Team collected our own data using the Sensor Logger on the iPhone which was used for model selection.
Testing was done using the MobiFall and MobiAct Datasets, containing different types of FALLs and ADL samples recorded using a Samsung S3 phone. For more information, kindly access: https://bmi.hmu.gr/the-mobifall-and-mobiact-datasets-2/
Kindly Check Final Report in the reports folder for an extensive description of the Data Processing Pipeline utilized.
To establish a baseline to compare our model, the team utilized a Support Vector Machine (SVM) with a linear kernel (implemented in SVM.ipynb) to classify our data. The SVM finds a hyper plane that maximizes the margin between the two nearest points of each label (in binary classification), fits the data, and then creates a decision boundary to classify based on the chosen hyperplane. The model was able to receive an overall testing accuracy of 99.72- percent (0.28-percent error) on the remaining data by correctly classifying 718 out of 720 ADLs and 361 out of 362 falls on the SisFall dataset's test split.

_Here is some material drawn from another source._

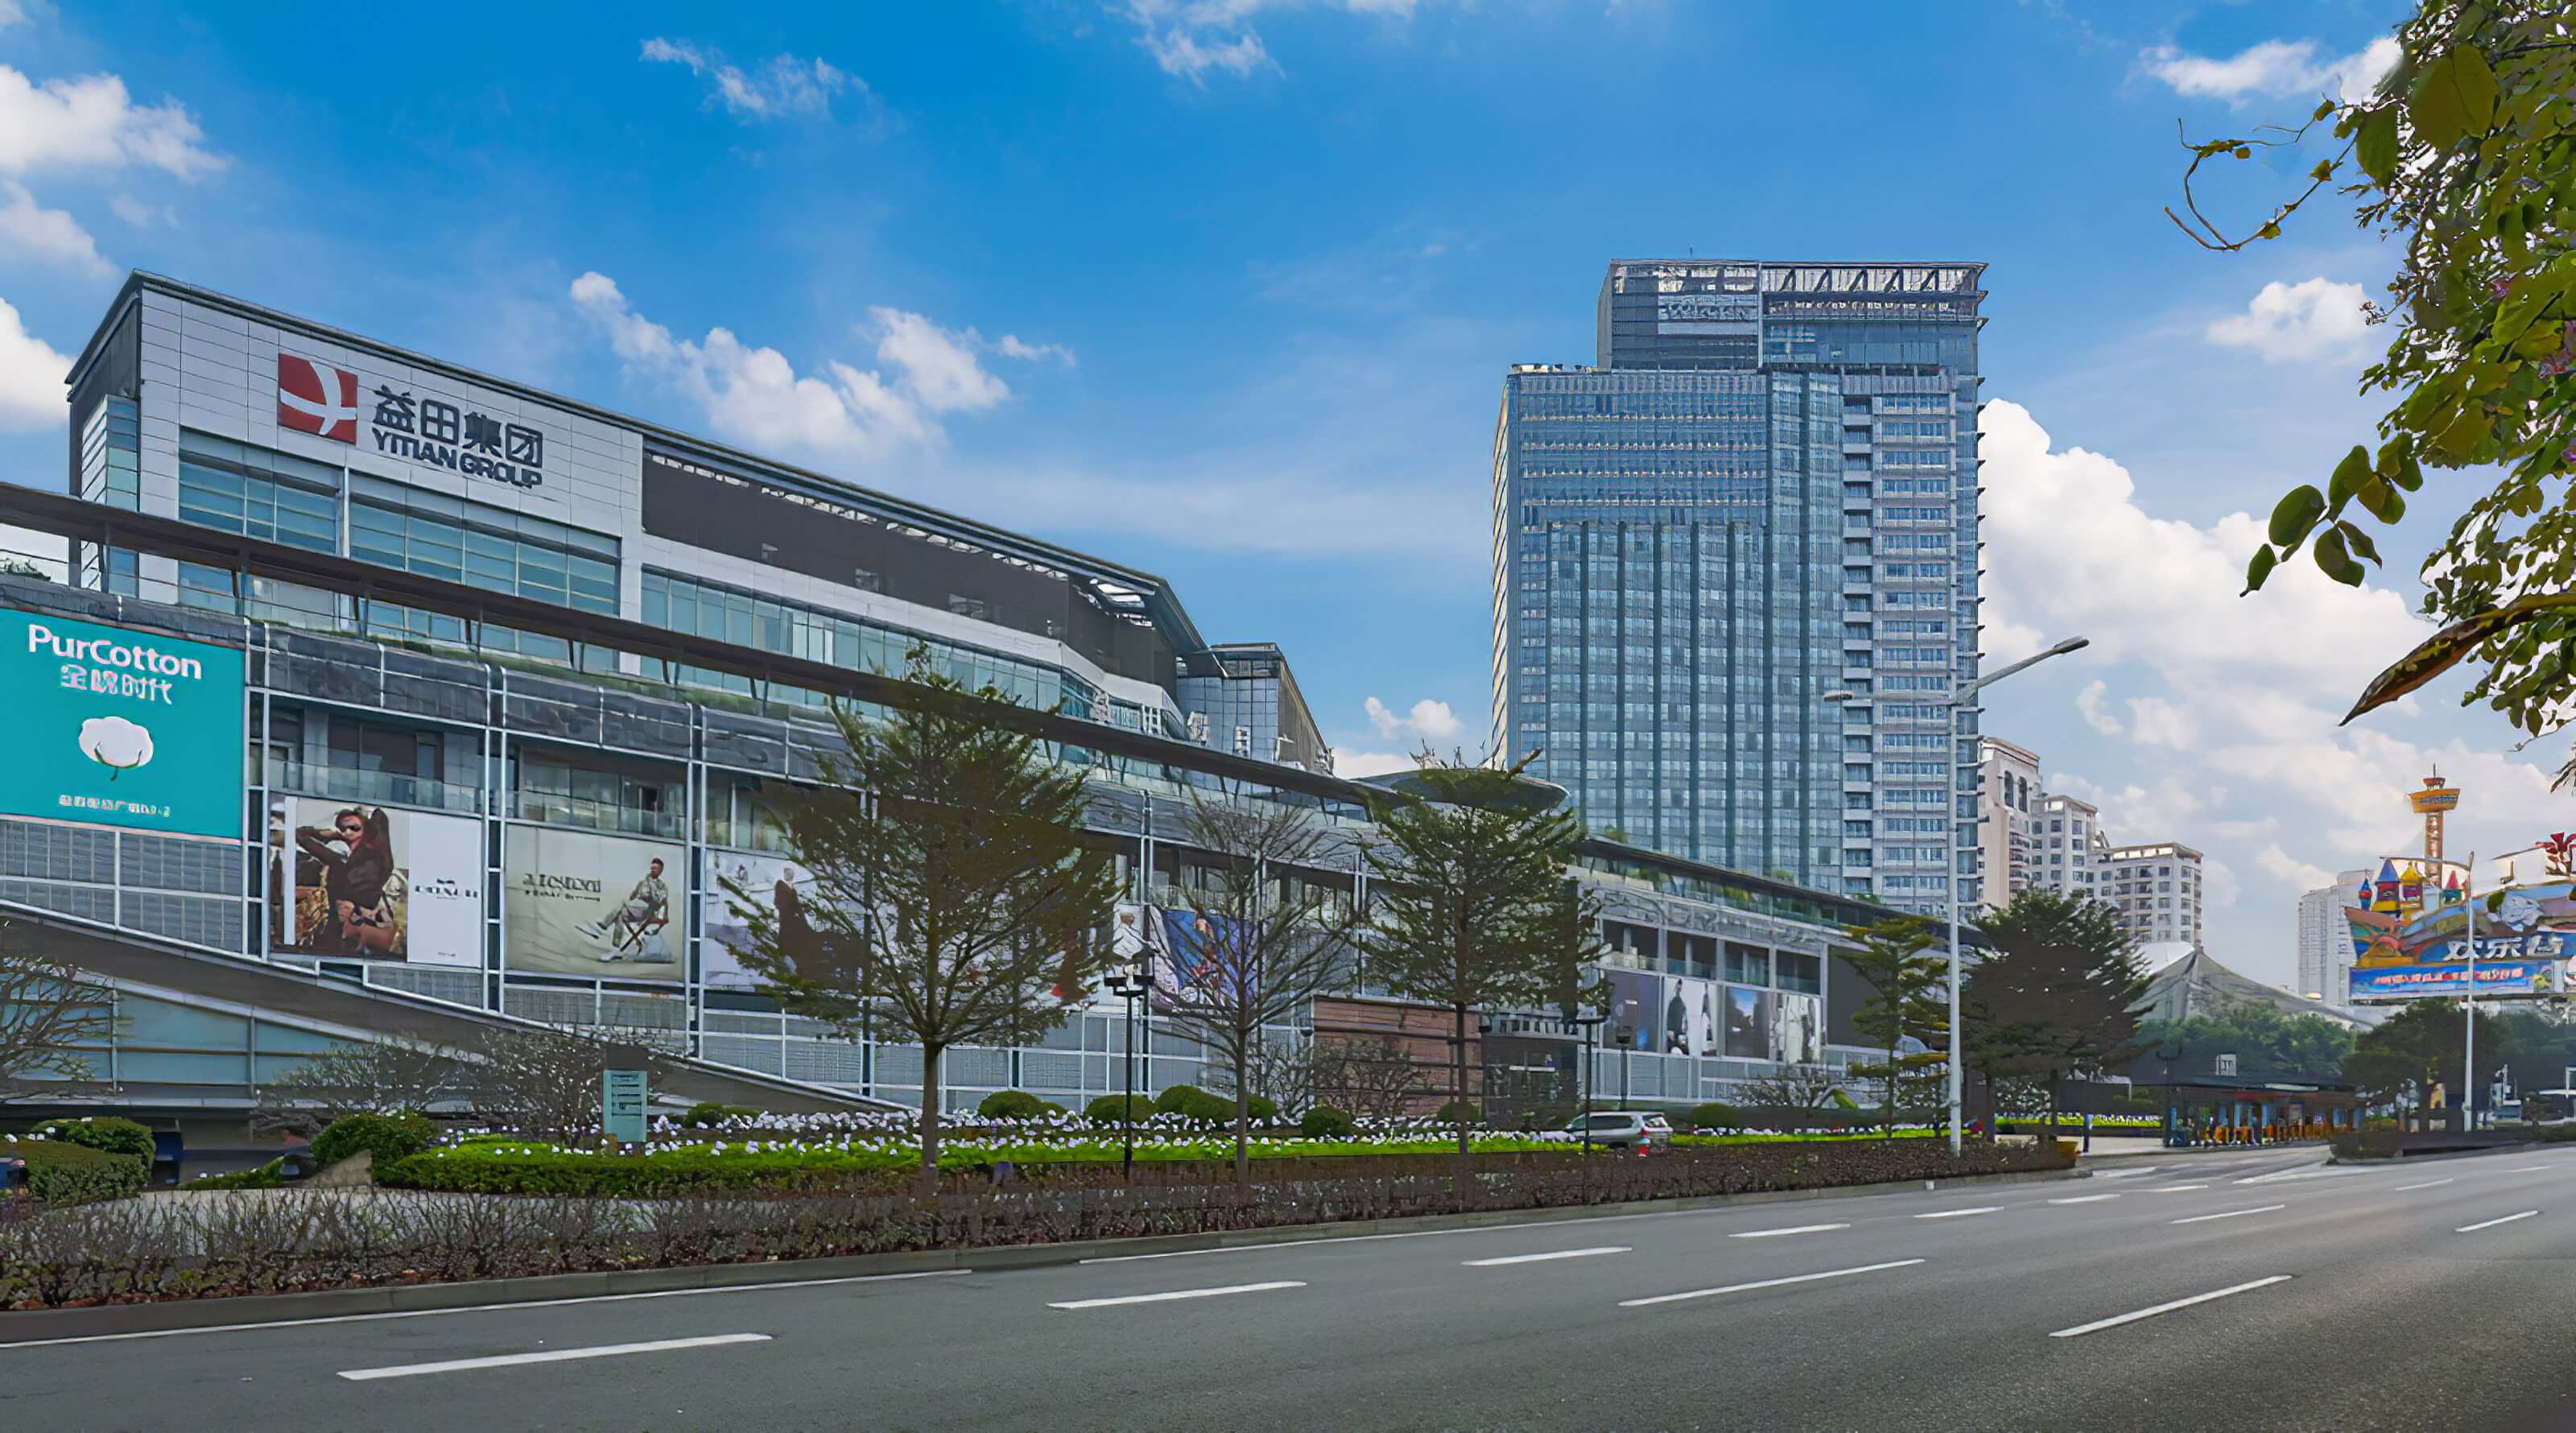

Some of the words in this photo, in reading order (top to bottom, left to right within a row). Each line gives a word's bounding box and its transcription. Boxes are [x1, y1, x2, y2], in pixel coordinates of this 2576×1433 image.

[373, 384, 543, 469] 益田集团
[372, 427, 457, 470] YITIAN
[460, 452, 543, 489] GROUP
[28, 623, 202, 679] PurCotton

The fall detection system deploys a hybrid CNN-LSTM model that leverages the strength of both convolutional neural networks and long short-term memory networks, and is designed to efficiently process and analyze complex temporal sensor data. After thorough data preprocessing (segmenting raw inertial sensor data into fixed-length sequences and applying normalization and noise reduction techniques), the model accepts a 3D tensor with dimensions (sample number, time step, and feature type). This data first gets passed through three convolutional layers that each increase in complexity to detect increasingly intricate features: first layer has 64 filters, the second layer has 128 filters, and the final layer has 256 filters. Each layer is followed by a ReLU activation function and max pooling (pool size of 2). The output from the CNN then gets passed into two LSTM layers - each with 100 units. After this, the output is sent to a dense layer with 100 units and ReLU activation, a dropout layer with rate of 0.5, and the output layer is 1 unit with a sigmoid activation function to produce the accurate output.
The model achieved a 99.2% training, 99.1% validation and 99.2% test accuracy, highlighting the model’s effectiveness in classification between Fall and ADLs on SisFall Dataset. The model also achieves a Sensitivity of 98.3% and Specificity of 99.6% across the entire SisFall Dataset.
The proposed model performed most effectively, achieving an accuracy of 80.5%. Sensitivity of Phone Data stood at 77% whereas Specificity was 84.4% across the entire collected data.
The overall metrics from the MobiFall data set are as follows: accuracy 92.7%, specificity 91.8%, sensitivity of 97.3%.
We would like to thank the authors of the MobiFall and SisFall Dataset for allowing us access to do this project.